Title :
A model error formulation of the multiple model adaptive estimation algorithm
Author :
Nebelecky, Christopher K. ; Crassidis, John L. ; Singla, Parveen
Author_Institution :
Res. Scientist, Inf. Fusion Group, CUBRC, Inc., Buffalo, NY, USA
Abstract :
This paper presents a new form of the multiple model adaptive estimation algorithm for improved state tracking in systems with unknown system models. The proposed approach differs from existing multiple model methods in the manner in which the covariance and Kalman gains of the individual filters are calculated.

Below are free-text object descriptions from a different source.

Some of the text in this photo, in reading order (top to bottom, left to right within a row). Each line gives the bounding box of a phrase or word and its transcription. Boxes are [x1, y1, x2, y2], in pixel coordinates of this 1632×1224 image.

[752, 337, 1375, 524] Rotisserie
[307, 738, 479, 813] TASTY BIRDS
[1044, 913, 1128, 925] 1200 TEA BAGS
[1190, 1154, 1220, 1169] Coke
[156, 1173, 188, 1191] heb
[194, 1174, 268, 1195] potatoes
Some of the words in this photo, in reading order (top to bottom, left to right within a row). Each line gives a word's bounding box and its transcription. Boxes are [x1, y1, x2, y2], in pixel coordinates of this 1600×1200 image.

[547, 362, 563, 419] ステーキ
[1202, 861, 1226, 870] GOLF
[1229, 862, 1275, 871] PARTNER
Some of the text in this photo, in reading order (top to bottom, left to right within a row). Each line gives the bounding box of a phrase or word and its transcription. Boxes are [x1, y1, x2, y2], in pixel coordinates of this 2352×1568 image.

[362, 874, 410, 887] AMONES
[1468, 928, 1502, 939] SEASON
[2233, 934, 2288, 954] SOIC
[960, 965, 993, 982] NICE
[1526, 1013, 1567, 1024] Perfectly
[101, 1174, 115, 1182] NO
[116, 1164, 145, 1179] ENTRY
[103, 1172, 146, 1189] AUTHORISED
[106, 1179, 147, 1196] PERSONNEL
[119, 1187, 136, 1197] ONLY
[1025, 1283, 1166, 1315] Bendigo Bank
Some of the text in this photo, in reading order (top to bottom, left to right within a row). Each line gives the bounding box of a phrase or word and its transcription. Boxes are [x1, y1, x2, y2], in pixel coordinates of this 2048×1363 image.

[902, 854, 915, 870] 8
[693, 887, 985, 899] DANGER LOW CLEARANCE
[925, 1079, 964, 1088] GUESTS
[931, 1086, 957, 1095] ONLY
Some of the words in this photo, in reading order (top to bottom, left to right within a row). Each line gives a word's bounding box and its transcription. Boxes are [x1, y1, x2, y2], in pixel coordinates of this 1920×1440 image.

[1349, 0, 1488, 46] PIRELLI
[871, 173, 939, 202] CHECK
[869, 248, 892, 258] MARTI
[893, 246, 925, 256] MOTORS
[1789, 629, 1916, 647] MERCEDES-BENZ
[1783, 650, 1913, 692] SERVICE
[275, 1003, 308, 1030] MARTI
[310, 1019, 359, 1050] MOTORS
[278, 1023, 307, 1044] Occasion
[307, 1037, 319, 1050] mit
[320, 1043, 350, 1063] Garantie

By using the fused model estimate, recursions for the actual estimation error covariances are derived which account for the deviation of the hypothesized model from the fused model. Using these covariances to determine the Kalman gain leads to improved tracking estimates through fusion of model and measurement uncertainty. The proposed algorithm has been compared against the standard multiple model adaptive estimation and interacting multiple model algorithms in two simulated examples, resulting in improved, and comparable tracking performance, respectively.
Keywords :
Kalman filters; adaptive estimation; target tracking; Kalman gains; estimation error covariances; fused model estimation; hypothesized model deviation; interacting multiple model algorithms; measurement uncertainty; model error formulation; multiple model adaptive estimation algorithm; multiple model methods; state tracking; tracking estimation; unknown system models; Adaptation models; Computational modeling; Estimation error; Kalman filters; Mathematical model; Noise; Target tracking; Multiple-model adaptive estimation; filtering; target tracking;
Conference_Titel :
Information Fusion (FUSION), 2014 17th International Conference on
Conference_Location :
Salamanca